Inevitable

A fox came into our yard last week.

Last week, while the chickens were ranging freely, while I was blissfully indoors and pretending like that was adequate supervision.

I didn’t even know anything was wrong until I came out to a pile of scattered feathers and not a chicken in sight.

Something is wrong. Something is very, very wrong.

Three of the six are corralled. Athena, Calliope, and Hecate the rooster. I call out for the rest. The high pitched call that used to give me a welcome wagon is met with silence. The dread is creeping in. I’m doing everything I can to not succumb to the panic bubbling beneath my skin.

Neighbors see our search. One comes out to tell us about the fox, the chase it was giving my girls. My husband and I spread out into the woods. Another neighbor finds a fourth — Demeter — and herds her to our property.

We keeping searching for the last two — Tyche and Persephone — but to no avail. We decide to lock up the coop but keep the run open with food. Later that night, my goddess of fortune finds her way back and I break down with relief.

But Persephone is no where to be found. My pantheon stays a bit emptier than before.

I try to lean on the poetic irony.
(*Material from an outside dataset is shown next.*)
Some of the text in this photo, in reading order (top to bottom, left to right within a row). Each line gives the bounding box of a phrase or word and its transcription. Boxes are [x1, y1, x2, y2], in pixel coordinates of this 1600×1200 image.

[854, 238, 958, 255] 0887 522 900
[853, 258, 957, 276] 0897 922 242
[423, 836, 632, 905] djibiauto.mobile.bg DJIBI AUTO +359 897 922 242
Of all the chickens and their namesakes, it’s Persephone who might’ve been kidnapped and dragged to the underworld. It does nothing to alleviate things. I’m my own version of Demeter, just wanting her daughter back.

I knew the risks. Our last chickens were attacked and eaten, right in the coop. I knew letting my Greek goddesses out to range increased those risks.
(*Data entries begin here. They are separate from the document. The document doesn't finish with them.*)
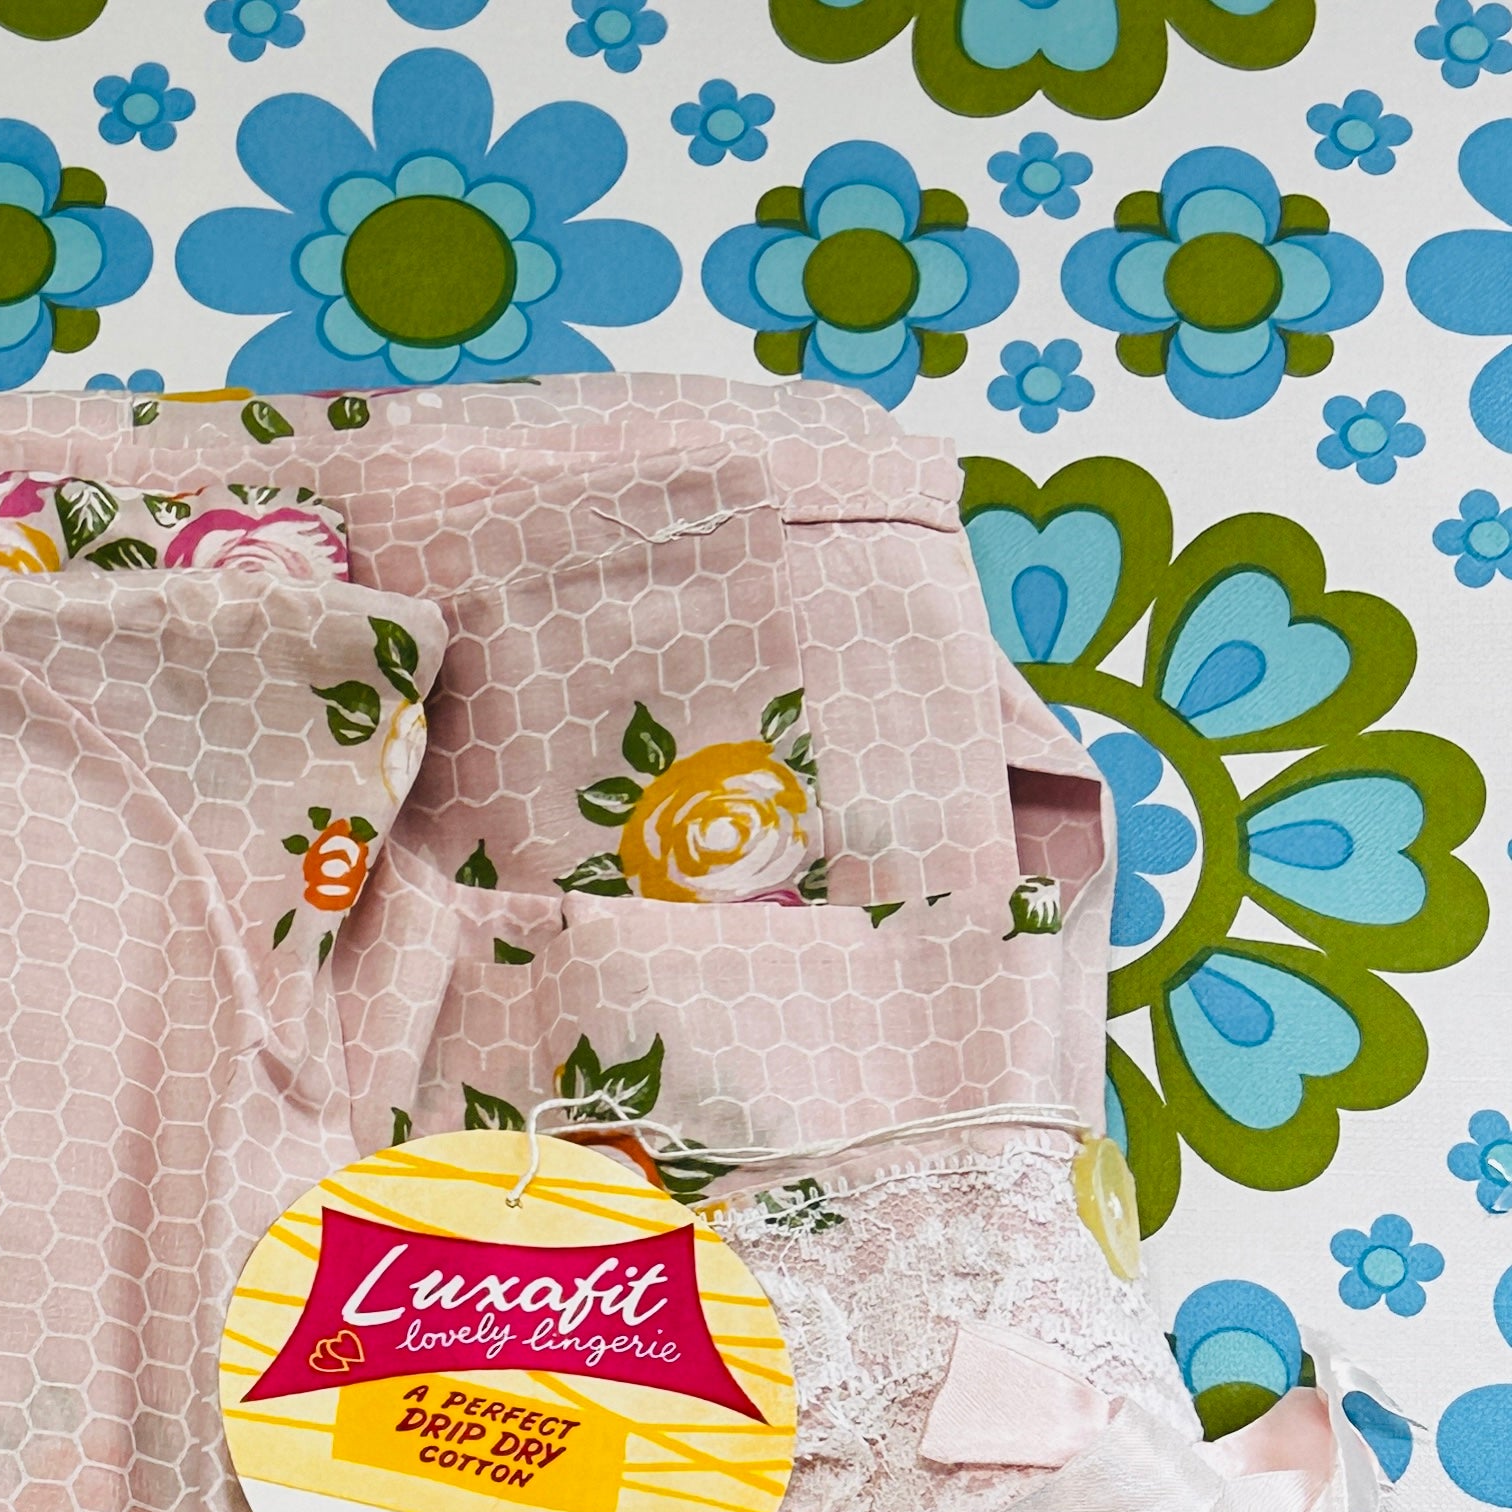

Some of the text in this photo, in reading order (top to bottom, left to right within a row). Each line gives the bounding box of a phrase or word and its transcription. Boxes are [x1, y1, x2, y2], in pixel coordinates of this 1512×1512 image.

[342, 1244, 668, 1334] Luxafit
[396, 1313, 682, 1367] lovely lingerie
[395, 1408, 567, 1469] DRIP DRY
[402, 1385, 581, 1439] A PERFECT
[419, 1445, 534, 1488] COTTON
I knew the inevitability of it all, the likelihood of loss — but I thought I had more time.

I have to smirk to myself when I think that. Didn’t I say something along those lines just a month ago?

For a life with so many twists and turns, the lines are shockingly parallel sometimes.

We do what we can. We search the woods the next morning. We both do our own little acts of superstition. I pray to St. Christopher even though I’m not Catholic. I pray to the Lady of Light. We leave the porch light on at night. Every rustle in the leaves is met with my high-pitched call (and every time the rustle does not result in return, I’m reminded that dashed hope is its own personal hell).

I go out that night and open the coop door and stroke the feathers of the remaining flock, telling them that Persephone is still missing but we are still looking.

My husband catches me doing that, asks if I was letting them know why their sister isn’t around. The weight of it all catches up with me and I collapse under it.

I knew when I signed on how inevitable certain things would be. But witnessing them come to fruition creates a moment of doubt. Was it smart, placing so much emotional investment in something so delicate? I stopped having mice and other small mammals for pets because I couldn’t take how short their lifespans were.

(But — oh — to this day I’ll talk about Fievel’s bravery, the snuggly nature of Dezzy, how Annabelle would shake her cage for attention and fearlessly approach the cats.)

Maybe. Maybe it’s not smart, but that doesn’t mean it isn’t beautiful. I find I keep coming back to a lyric in a song — I’m a lucky man to count on both hands the ones I love — and all the parallel lines in my life are making a staff for the song’s notes to land on.

How lucky was I, to have that little ball of floof, to fret over the temperature of her cage, if she was too hot or too cold. To cry big, pendulous tears when I realized they’d all lose their beautiful face markings, when it was their last morning in the house and snuggled in my lap one more time — to feel that gentle heartbreak when they got older and needed to rest less and the lap snuggles in the run became shortlived.

How lucky was I to be able to give out that kind of love — to love like the world isn’t tenuous and perilous, like it isn’t filled with metaphorical and literal foxes waiting in the woods.

Grief is the price we pay for love. It’s a saying that borders on the cliched, but it’s cliched only because it’s true. Some use it to focus on the negative, the warning that sorrow is an inevitability. To be vulnerable is to leave yourself vulnerable. For some it’s akin to, “abandon all hope, yee who enter.”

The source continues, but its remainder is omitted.